Of course, I am addicted just like I always have been, to food tv .. Rachael Ray is my favorite :)
Let's see.. now I like the CSI's as well, and I love that House MD show on Fox

That about does it for tv shows I am wild about.. :):)

What else is going on with me? Not a lot. I am excited to see my new (probably) niece, or nephew.. Sarah is due at the end of this month. I am really excited, but at the same time, very nervous, cuz she doesn't call me (I blogged about this before..) - Well, I take that back, she did call yesterday and said she would call back last night. She hasn't called.. but I guess she is probably much more busy than I am. I guess that is something I need to get used to. That I am never really busy, and most everyone else I know is very busy.

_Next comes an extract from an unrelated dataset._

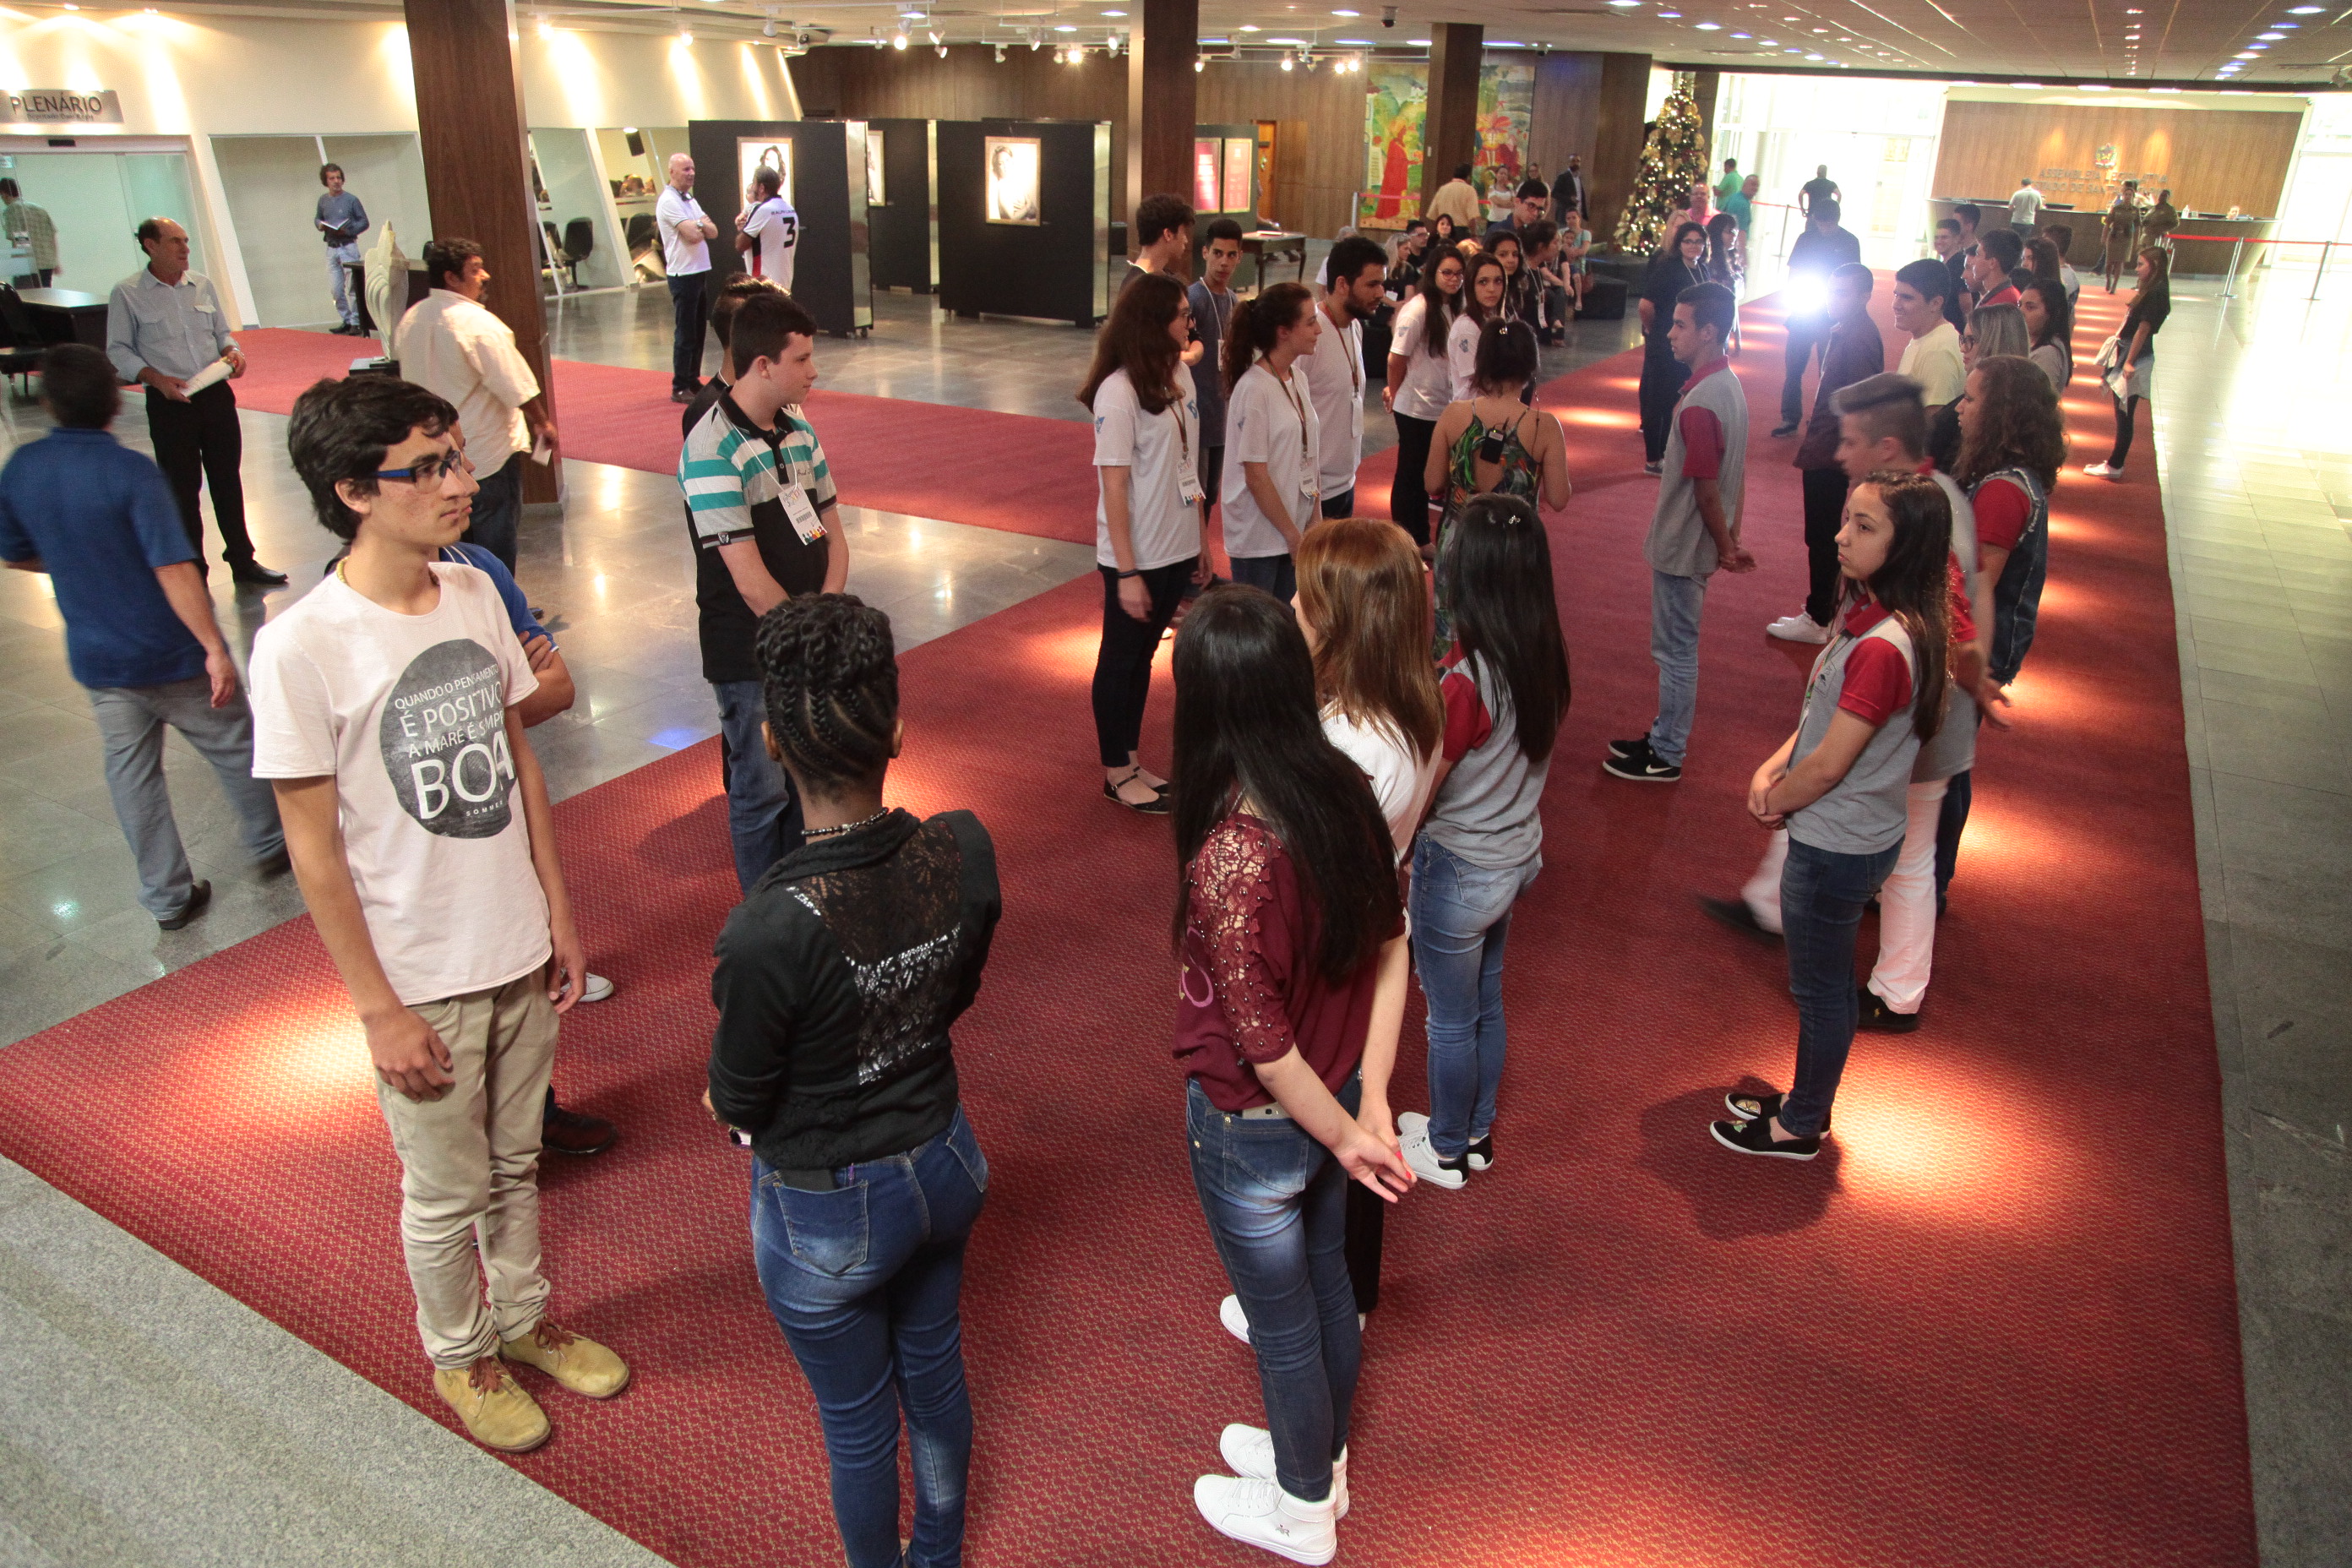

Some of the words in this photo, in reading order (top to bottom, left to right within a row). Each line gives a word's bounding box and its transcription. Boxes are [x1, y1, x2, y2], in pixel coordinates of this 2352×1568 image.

I also need to get over being cranky. I know it is nothing that Jim is doing that is different than usual but lately, I just feel like I am so naggy, but I can't not be that way.. It is ticking me off to have to go around every day 2 or 3 times a day to pick up after him. It's little things, and I know that he works and I don't, so I should be doing it happily, but it's not really the picking up, its more that I feel like he doesn't have even enough respect for me to keep things nice, or that he only cares about being on his computer or ipaq, or working, and doesn't have the "time" to be picking stuff up. I mean, its just stuff, that needs to be cleaned, or done, or picked up off the floor.. or I don't know.. I just have issues. I keep thinking that he doesn't have to really "care" about housecleaning and crap, but he should care, that if he leaves wet towels around.. that they don't pick themselves up, that "I" have to do it.. again, not that big of a deal. Little stuff. But seeeeeee.... this all goes back to the thing that I have --- I take everything so personally. Like, it can't be that Jim doesn't care about how clean the house is... it has to be that he doesn't want to do it so that I will have to do it.. and that he doesn't care about what I do here when he is gone etc.... see see see... ISSUES..... so, again, I am not a freak about cleanliness, our house is picked up most times at best best best.... so.. it't not like that... but... I keep nagging him about it, and getting upset over little things.. ick ick ick ick ... I gotta get over this crapola!!!!!!!!

Angel Chasse (again)

2 comments:

Dr. Deb said...

Angel,

I have the same complaints! The little things irk me too. I agree with morganlefay...sometimes the little things are bigger things that are unrecognized.

Lu said...

angel...

i totally know how you feel... and i hate doing housework..ugh

btw...i love rachael ray too!...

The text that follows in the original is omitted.